The choice of classification threshold is analogous to the choice between using either the KDOQI or UAB criteria—the KDOQI criteria might be used when favoring high specificity at the expense of sensitivity, while the UAB criteria reflects a prioritization of sensitivity over specificity. Regardless, the model-based approach has a higher net-benefit across a wide range of plausible classification thresholds than either KDOQI or UAB (Supplementary Fig. 2). In decision curve analysis, net-benefit represents a summary of number of true positives and false positives and is useful in summarizing both discrimination and calibration across a range of thresholds12. The strategy with the highest net benefit across a plausible range of threshold values will be the optimal choice for balancing true positives and false positives. Because applying this model requires no additional information, cost, or testing than what would be necessary for either the UAB or KDOQI strategies, the model should be preferred to these static criteria regardless of the clinician’s threshold preference.
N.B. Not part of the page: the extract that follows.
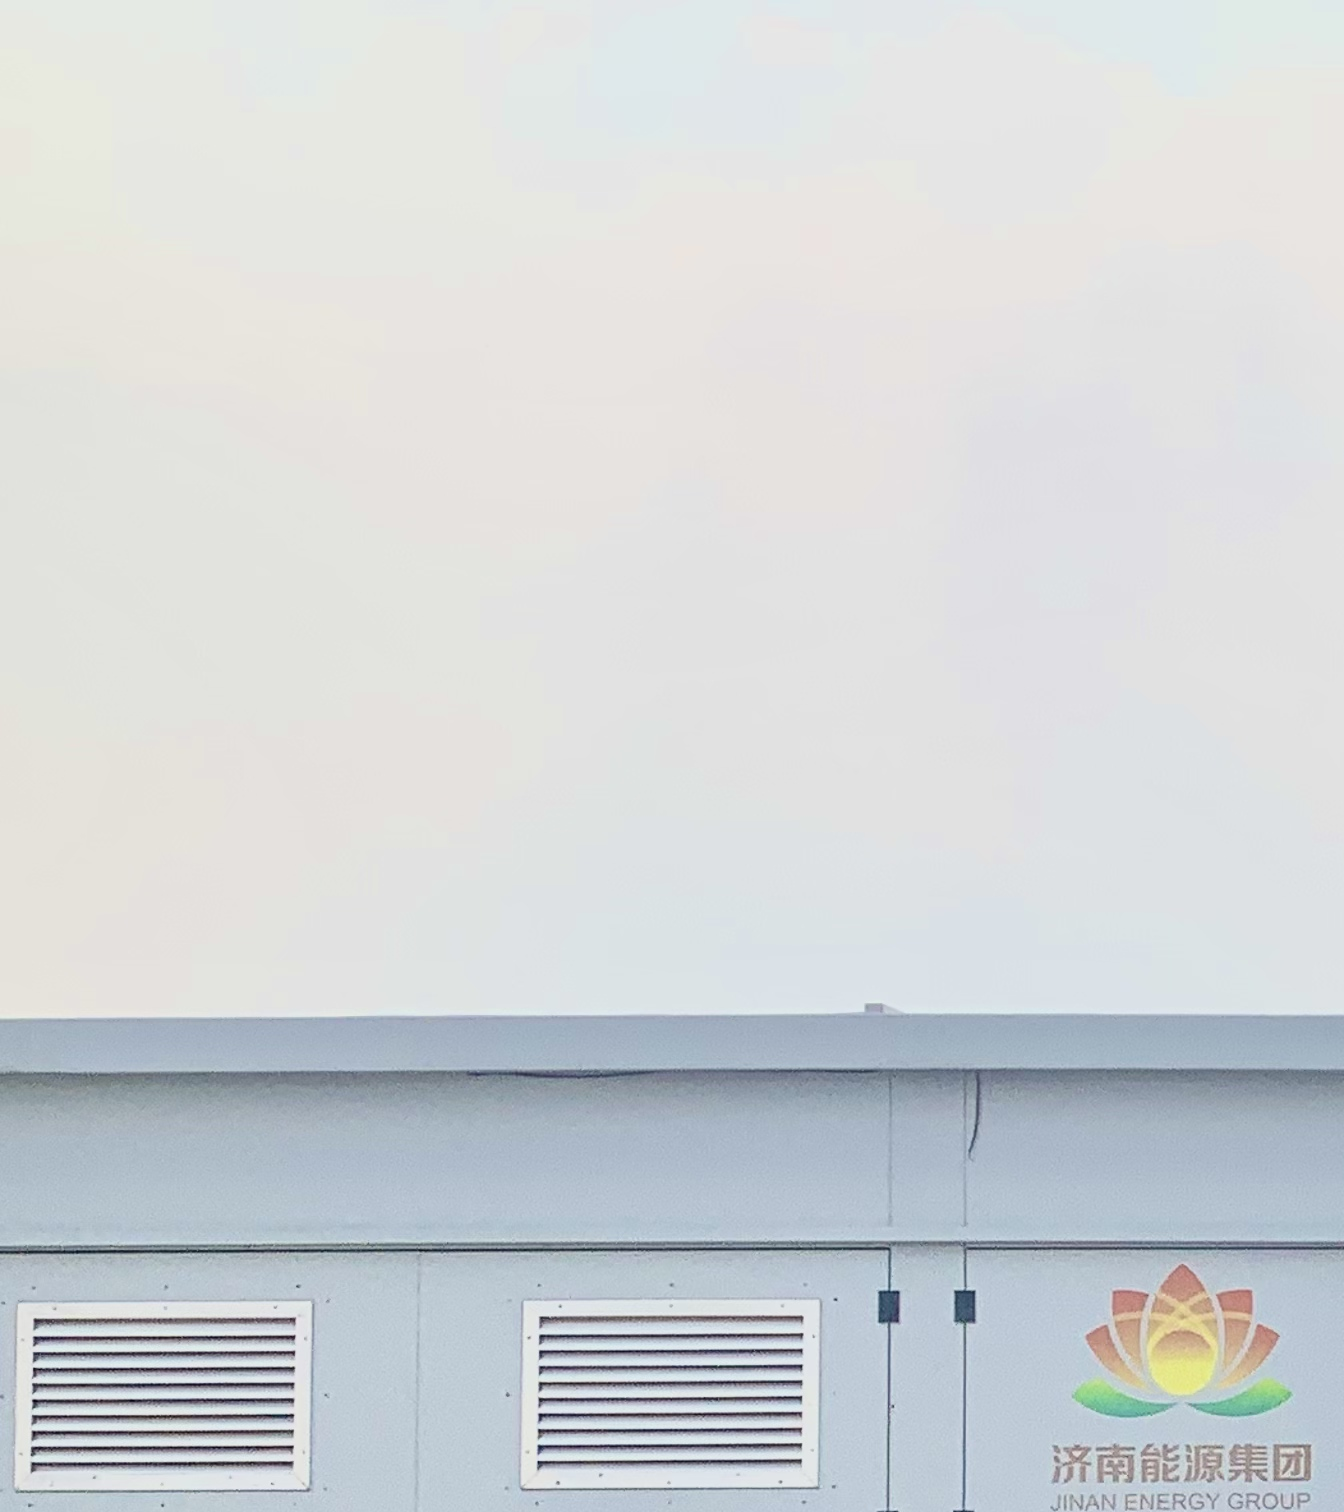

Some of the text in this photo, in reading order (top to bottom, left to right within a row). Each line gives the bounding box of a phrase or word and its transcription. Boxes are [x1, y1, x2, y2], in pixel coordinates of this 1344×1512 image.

[1051, 1443, 1312, 1484] 济南能源集团
[1050, 1492, 1311, 1512] JINAN ENERGY GROUP
Our work confirms and extends the findings of prior studies, perhaps most notably those of the HFM study, a multi-institution prospective observational cohort study concerned with better understanding AVF maturation13. Prior HFM work using a backward elimination algorithm found that AVF flow volume, vein diameter, and depth from skin were the most important predictors of successful AVF use in a mixed cohort including forearm (22.7%) and upper arm (77.3%) AVFs5. A goal of our study was to see if the addition of expanded baseline clinical characteristics with more granular detail would enhance predictive performance in a variety of modeling approaches. Although the statistical methods employed by the HFM investigators differ in their details, our results appear to replicate and confirm the findings of the HFM study. Complex modeling strategies did not substantially improve the performance of more parsimonious approaches, and ultimately, AVF flow volume and diameter remained the most important predictors of successful AVF use.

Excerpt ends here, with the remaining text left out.